Problem to solve
I'd like the entries repeated exactly, pictures omitted.
(Beginning of Excerpted records)
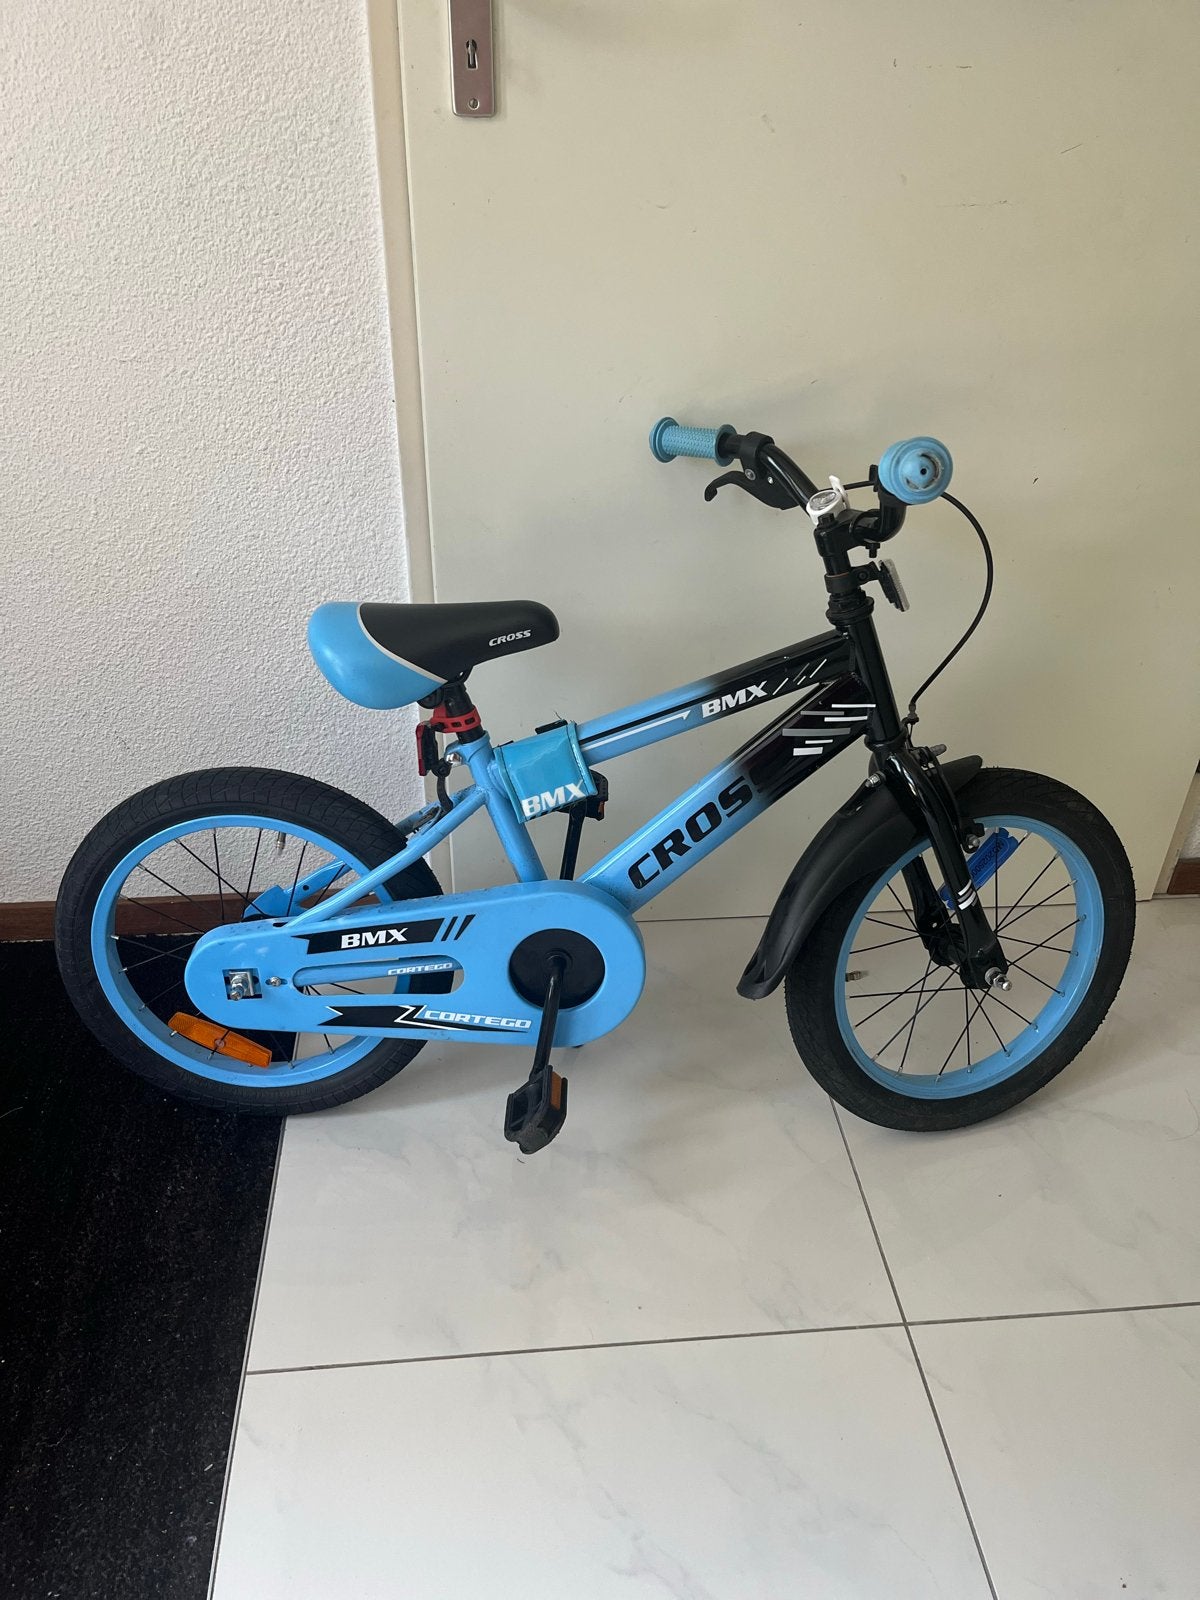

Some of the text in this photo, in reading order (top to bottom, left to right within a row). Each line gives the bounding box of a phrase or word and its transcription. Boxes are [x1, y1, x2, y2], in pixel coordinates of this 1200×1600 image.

[489, 629, 531, 647] CROSS
[701, 681, 767, 718] BMX
[521, 779, 586, 817] BMX
[340, 927, 408, 949] BMX
[387, 962, 453, 976] CORTEGO
[423, 1010, 532, 1029] CORTEGO
(End of Excerpted records)
Solved problem
Some of the text in this photo, in reading order (top to bottom, left to right within a row). Each line gives the bounding box of a phrase or word and its transcription. Boxes are [x1, y1, x2, y2], in pixel coordinates of this 1200×1600 image.

[489, 629, 531, 647] CROSS
[701, 681, 767, 718] BMX
[521, 779, 586, 817] BMX
[340, 927, 408, 949] BMX
[387, 962, 453, 976] CORTEGO
[423, 1010, 532, 1029] CORTEGO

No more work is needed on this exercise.